Start of PROVIDED DATA
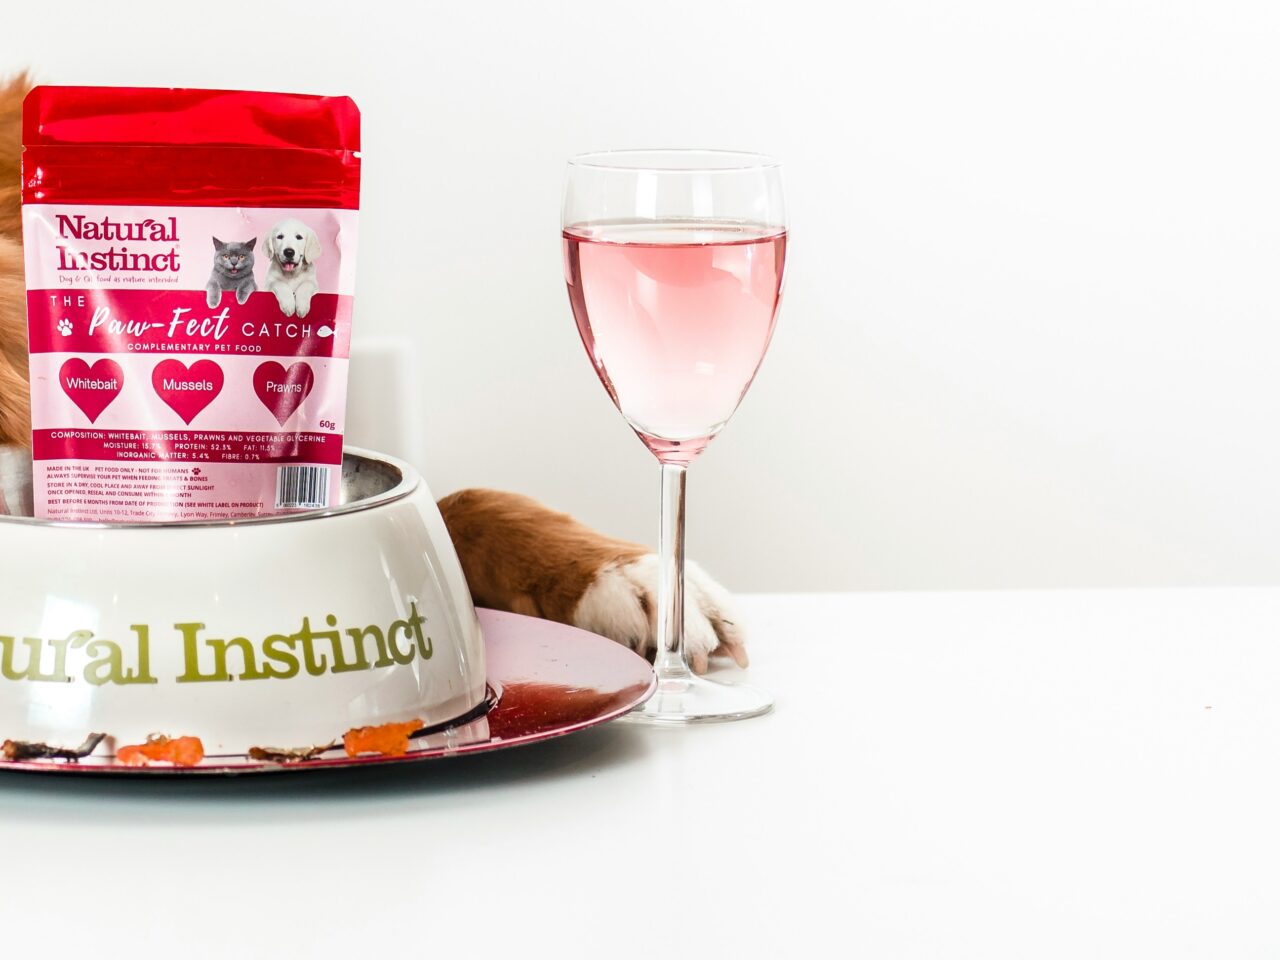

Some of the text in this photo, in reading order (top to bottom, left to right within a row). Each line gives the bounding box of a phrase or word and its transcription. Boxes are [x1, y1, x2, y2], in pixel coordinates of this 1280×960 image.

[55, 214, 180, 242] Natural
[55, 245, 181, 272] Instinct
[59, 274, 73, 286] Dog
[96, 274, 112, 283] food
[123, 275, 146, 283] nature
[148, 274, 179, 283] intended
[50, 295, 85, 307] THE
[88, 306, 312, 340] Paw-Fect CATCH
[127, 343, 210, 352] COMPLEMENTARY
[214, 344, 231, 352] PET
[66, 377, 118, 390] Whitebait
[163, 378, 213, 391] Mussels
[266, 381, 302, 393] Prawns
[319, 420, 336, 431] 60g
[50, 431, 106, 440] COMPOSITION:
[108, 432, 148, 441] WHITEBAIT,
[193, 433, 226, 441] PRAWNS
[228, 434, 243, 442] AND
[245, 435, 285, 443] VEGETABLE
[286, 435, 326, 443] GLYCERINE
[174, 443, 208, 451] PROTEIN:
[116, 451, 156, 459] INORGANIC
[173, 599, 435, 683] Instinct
End of PROVIDED DATA
_EXERCISE OBJECTIVE_.
The listing above should be returned word for word, with pictures omitted.

_REPLY_.
Some of the text in this photo, in reading order (top to bottom, left to right within a row). Each line gives the bounding box of a phrase or word and its transcription. Boxes are [x1, y1, x2, y2], in pixel coordinates of this 1280×960 image.

[55, 214, 180, 242] Natural
[55, 245, 181, 272] Instinct
[59, 274, 73, 286] Dog
[96, 274, 112, 283] food
[123, 275, 146, 283] nature
[148, 274, 179, 283] intended
[50, 295, 85, 307] THE
[88, 306, 312, 340] Paw-Fect CATCH
[127, 343, 210, 352] COMPLEMENTARY
[214, 344, 231, 352] PET
[66, 377, 118, 390] Whitebait
[163, 378, 213, 391] Mussels
[266, 381, 302, 393] Prawns
[319, 420, 336, 431] 60g
[50, 431, 106, 440] COMPOSITION:
[108, 432, 148, 441] WHITEBAIT,
[193, 433, 226, 441] PRAWNS
[228, 434, 243, 442] AND
[245, 435, 285, 443] VEGETABLE
[286, 435, 326, 443] GLYCERINE
[174, 443, 208, 451] PROTEIN:
[116, 451, 156, 459] INORGANIC
[173, 599, 435, 683] Instinct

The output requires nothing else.